Saved entries
***

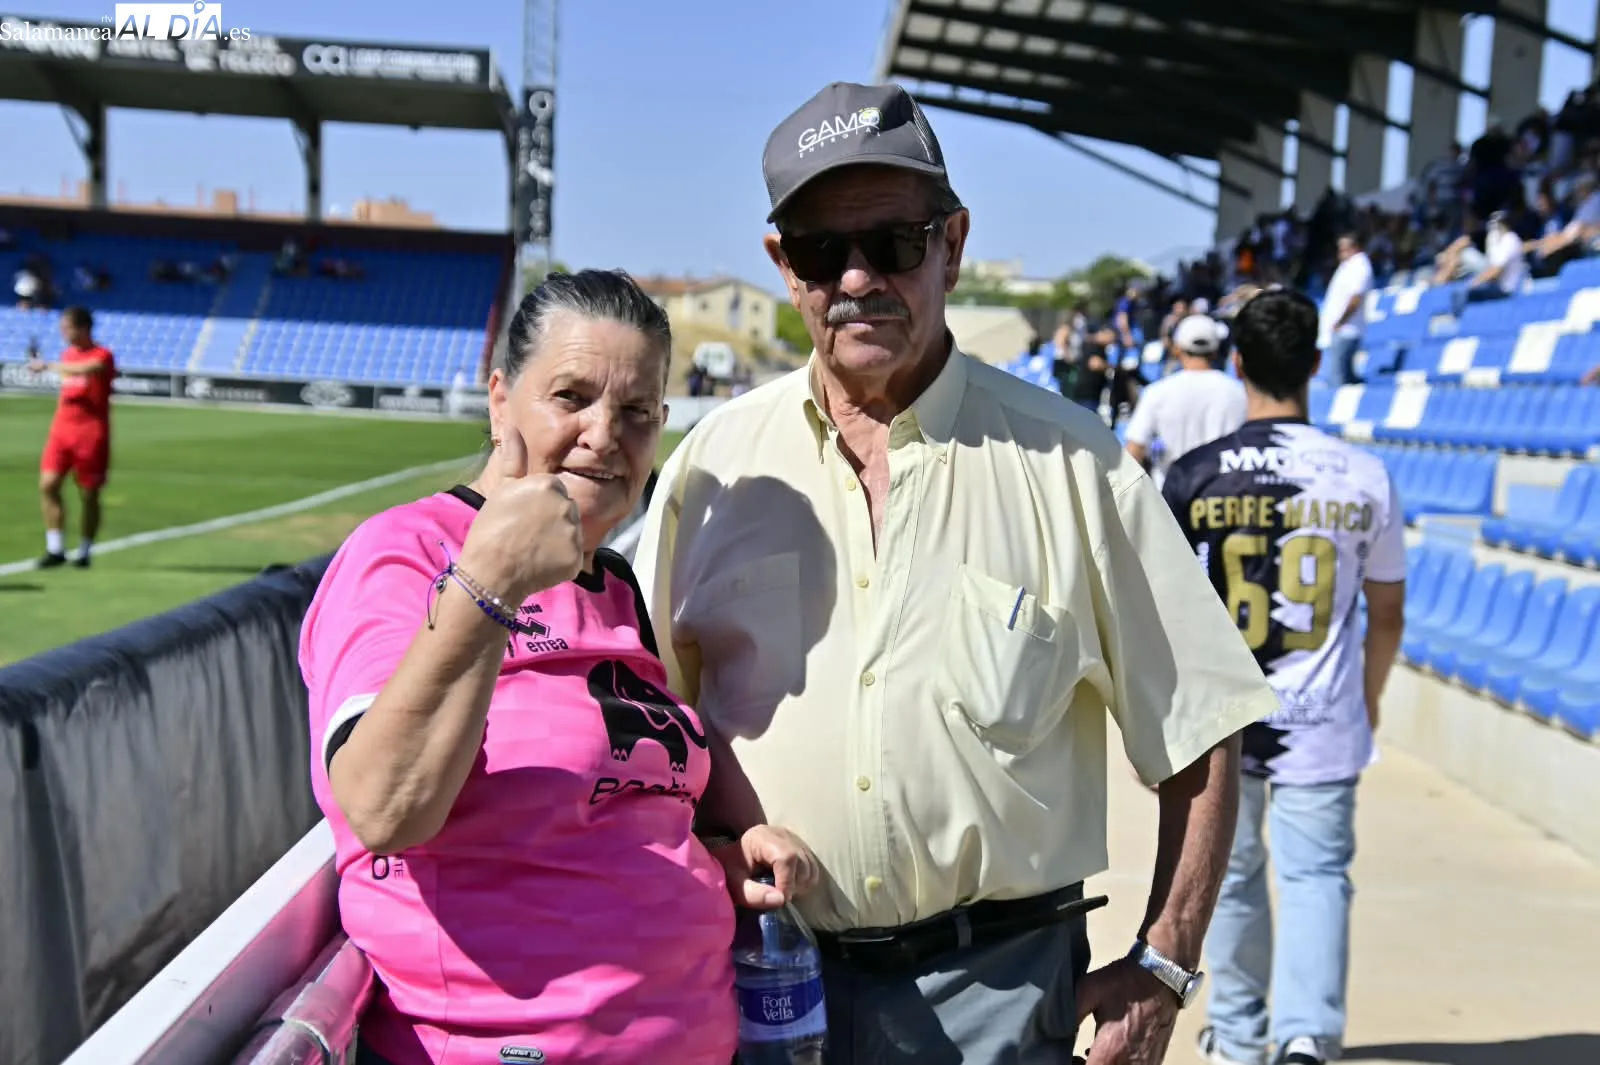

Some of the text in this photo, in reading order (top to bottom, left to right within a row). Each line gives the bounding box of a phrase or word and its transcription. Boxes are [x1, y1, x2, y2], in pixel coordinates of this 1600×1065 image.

[798, 107, 881, 149] GAMO
[1190, 495, 1373, 532] PERRE MARCO
[1221, 533, 1337, 653] 69
[762, 995, 793, 1008] Font
[763, 1007, 796, 1022] Vella
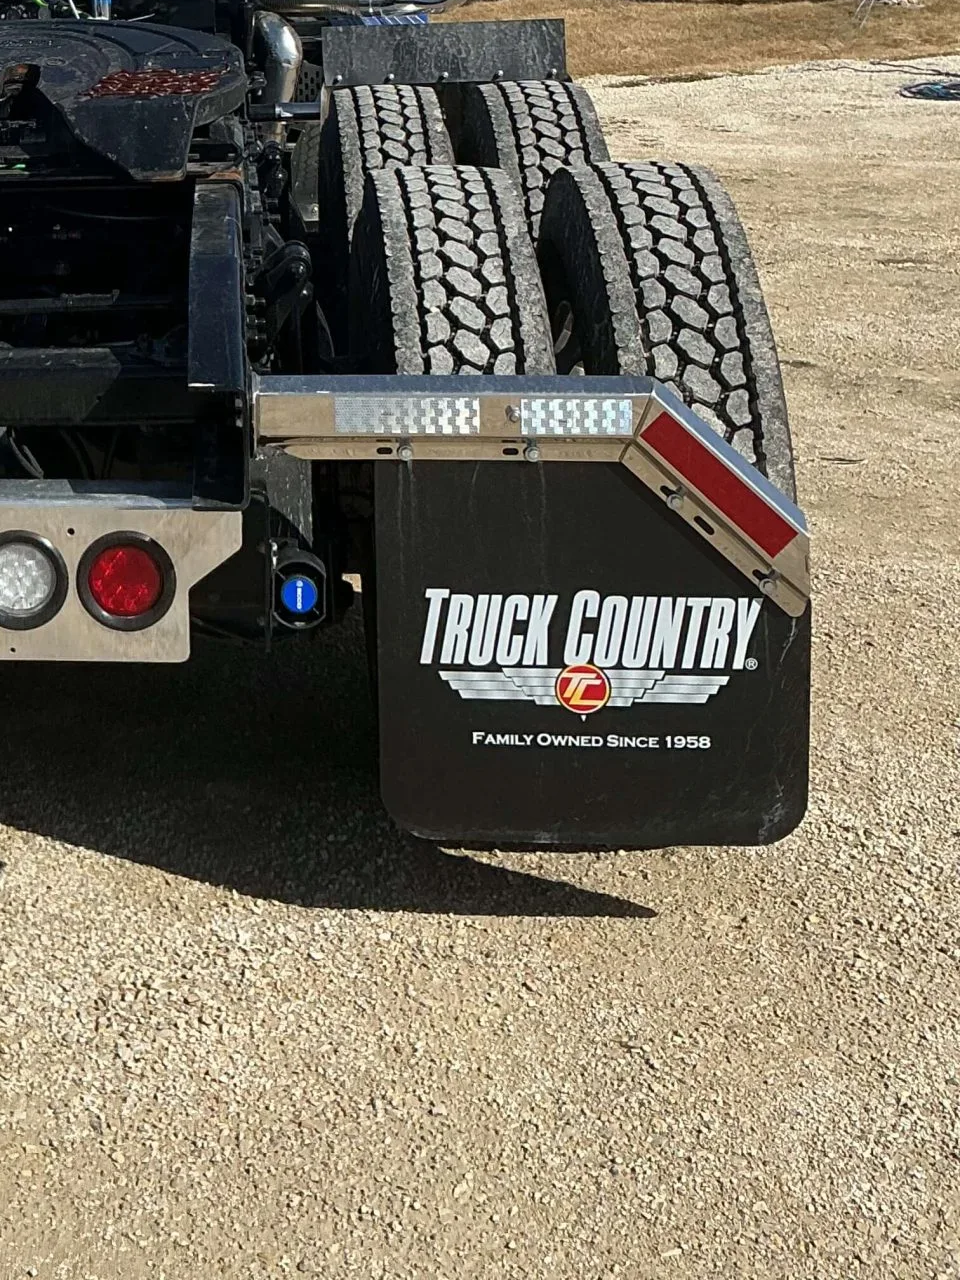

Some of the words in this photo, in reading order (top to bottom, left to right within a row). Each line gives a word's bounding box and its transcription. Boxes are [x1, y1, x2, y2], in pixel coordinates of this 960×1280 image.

[420, 588, 558, 666] TRUCK
[472, 731, 532, 747] FAMILY
[536, 732, 603, 748] OWNED
[606, 733, 659, 748] SINCE
[664, 735, 711, 749] 1958
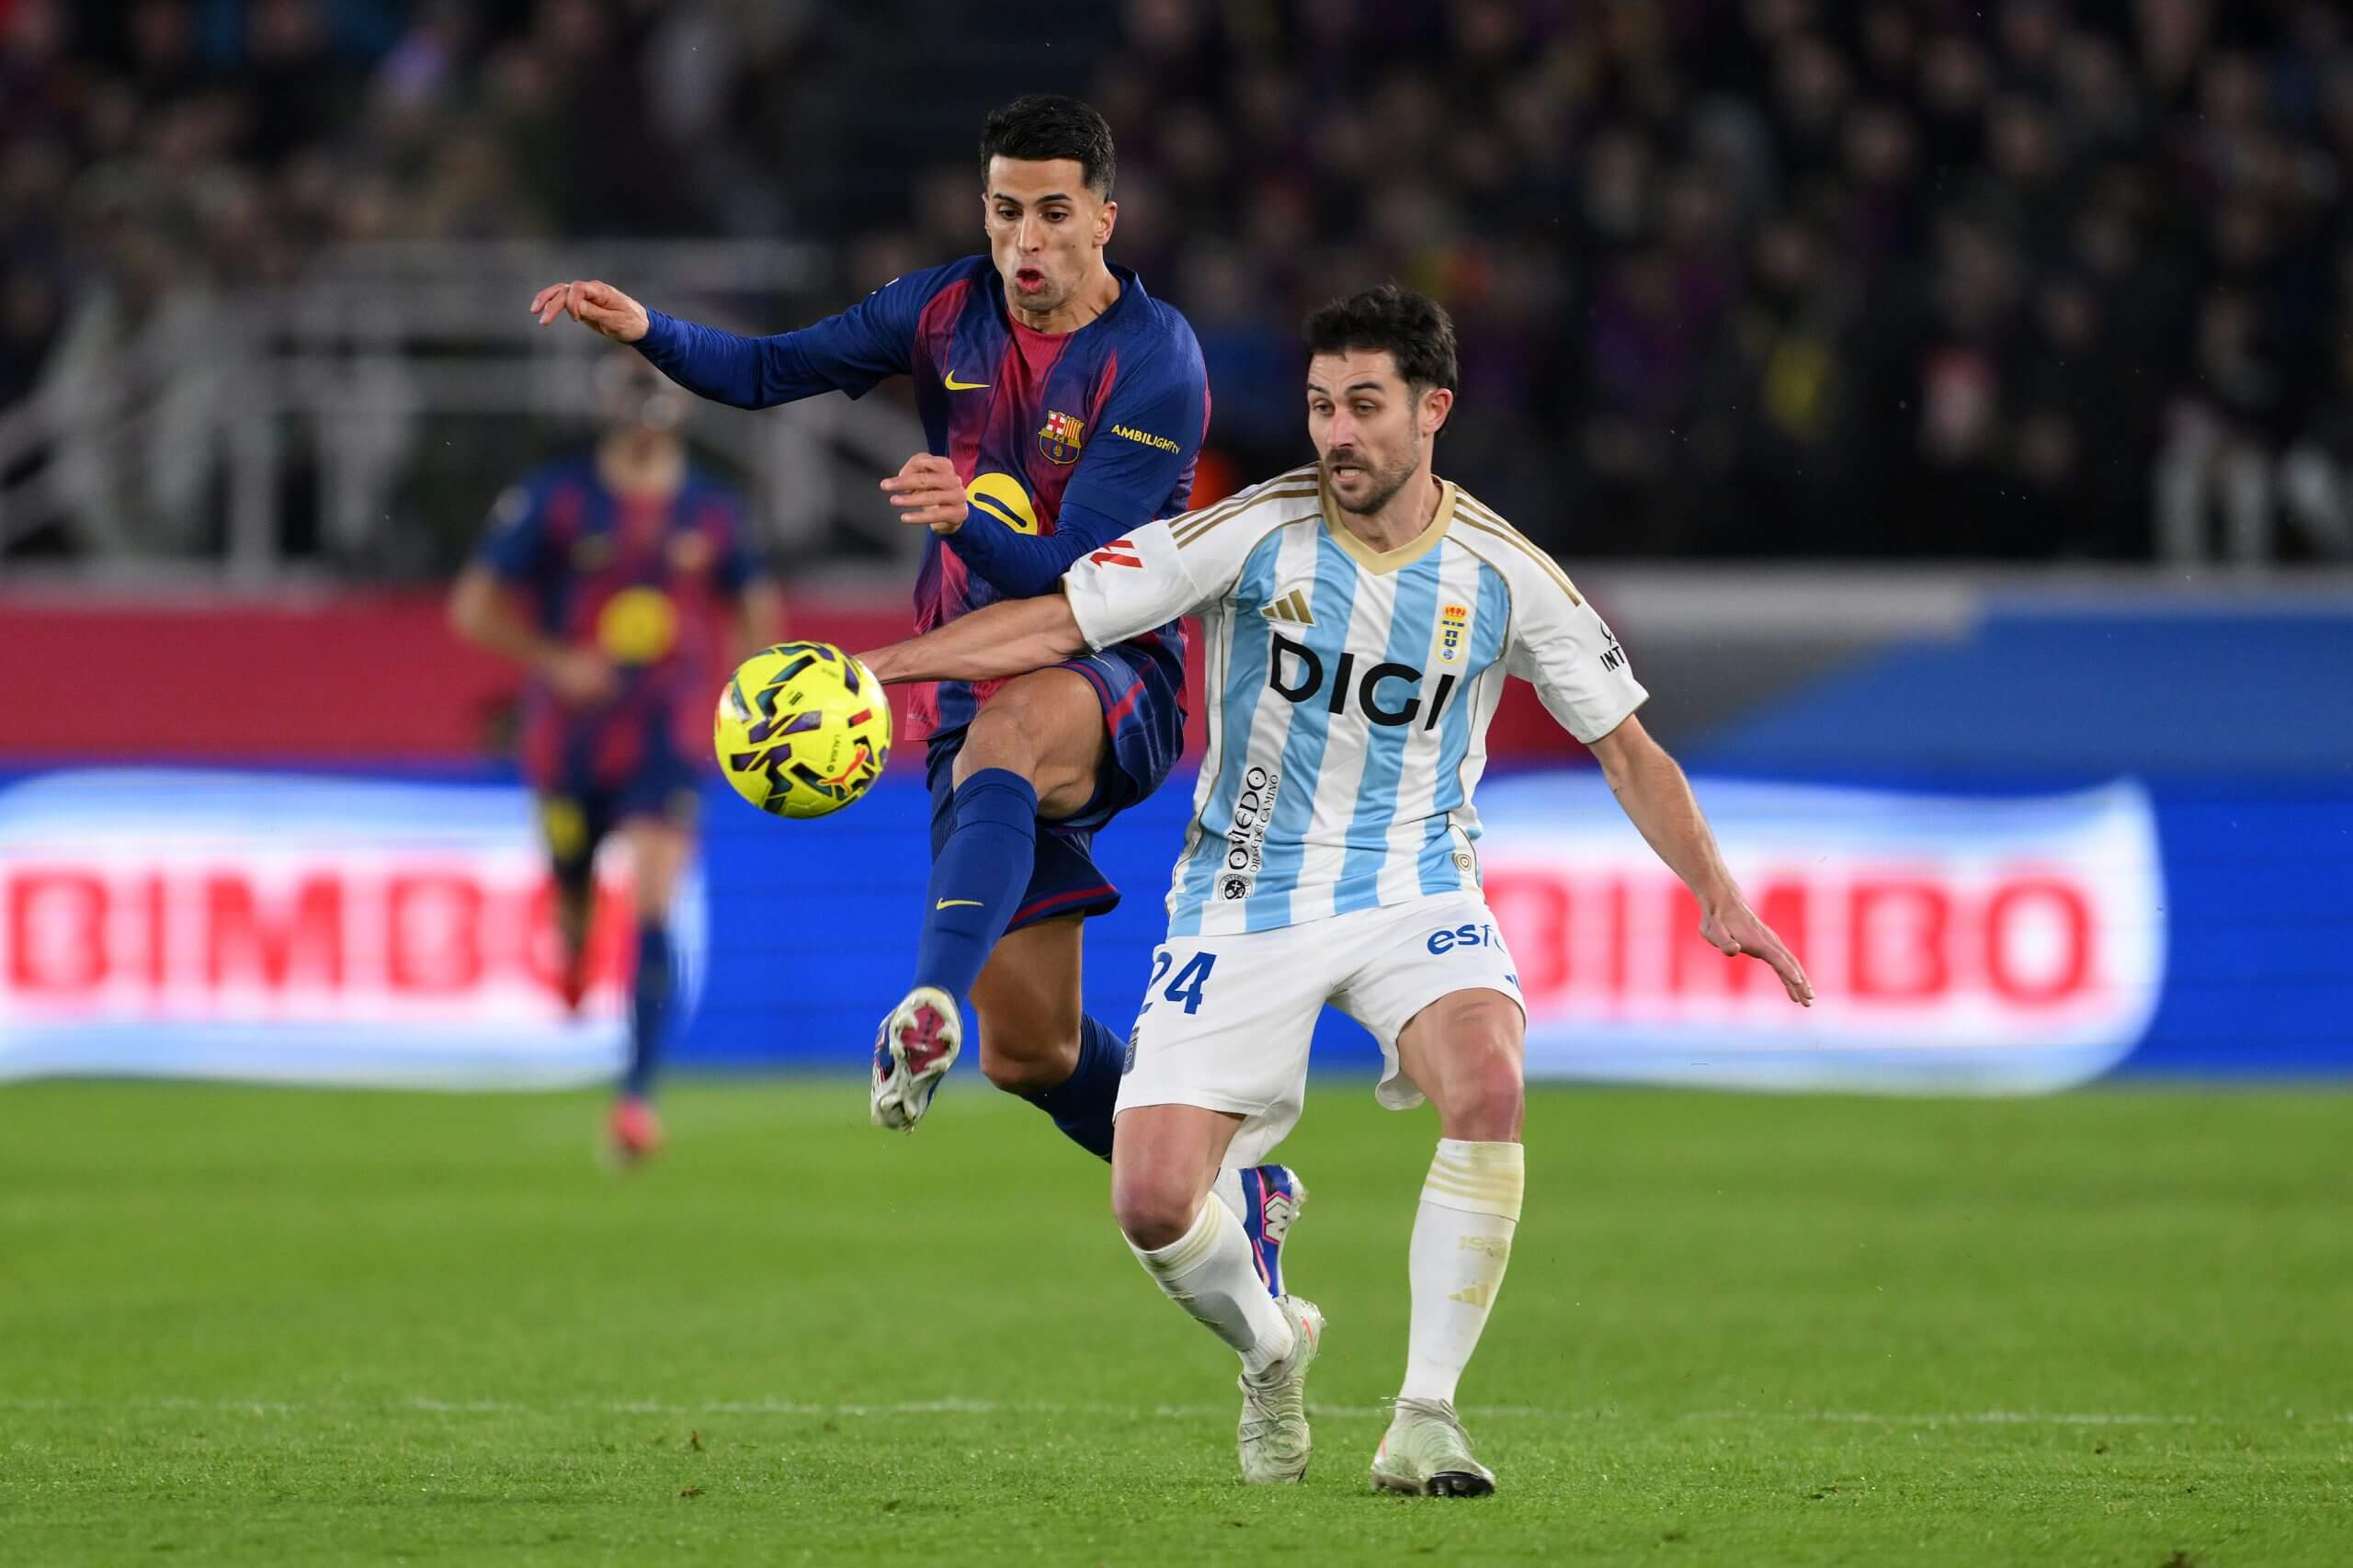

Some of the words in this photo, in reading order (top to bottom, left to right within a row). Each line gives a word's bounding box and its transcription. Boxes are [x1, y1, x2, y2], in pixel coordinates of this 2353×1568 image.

[1269, 631, 1456, 732] DIGI
[1142, 950, 1217, 1015] 24
[1482, 875, 2094, 1006] BIMBO

***

● **Exercise instructions**
In your copy of the records above, include every line exactly but no pictures.

● **Result for this task**
Some of the text in this photo, in reading order (top to bottom, left to right within a row). Each line gives the bounding box of a phrase or word and its transcription. Boxes are [x1, y1, x2, y2], in pixel coordinates of this 1600×1065 image.

[798, 107, 881, 149] GAMO
[1190, 495, 1373, 532] PERRE MARCO
[1221, 533, 1337, 653] 69
[762, 995, 793, 1008] Font
[763, 1007, 796, 1022] Vella

Some of the words in this photo, in reading order (top to bottom, left to right within a row). Each line gives a word's bounding box and its transcription. Boxes are [x1, y1, x2, y2], in pixel coordinates of this 960×1280 image.

[420, 588, 558, 666] TRUCK
[472, 731, 532, 747] FAMILY
[536, 732, 603, 748] OWNED
[606, 733, 659, 748] SINCE
[664, 735, 711, 749] 1958

Some of the words in this photo, in reading order (top to bottom, left to right within a row). Each line gives a word's bounding box and its transcription. Boxes are [x1, y1, x2, y2], in pixel coordinates of this 2353×1568 image.

[1269, 631, 1456, 732] DIGI
[1142, 950, 1217, 1015] 24
[1482, 875, 2094, 1006] BIMBO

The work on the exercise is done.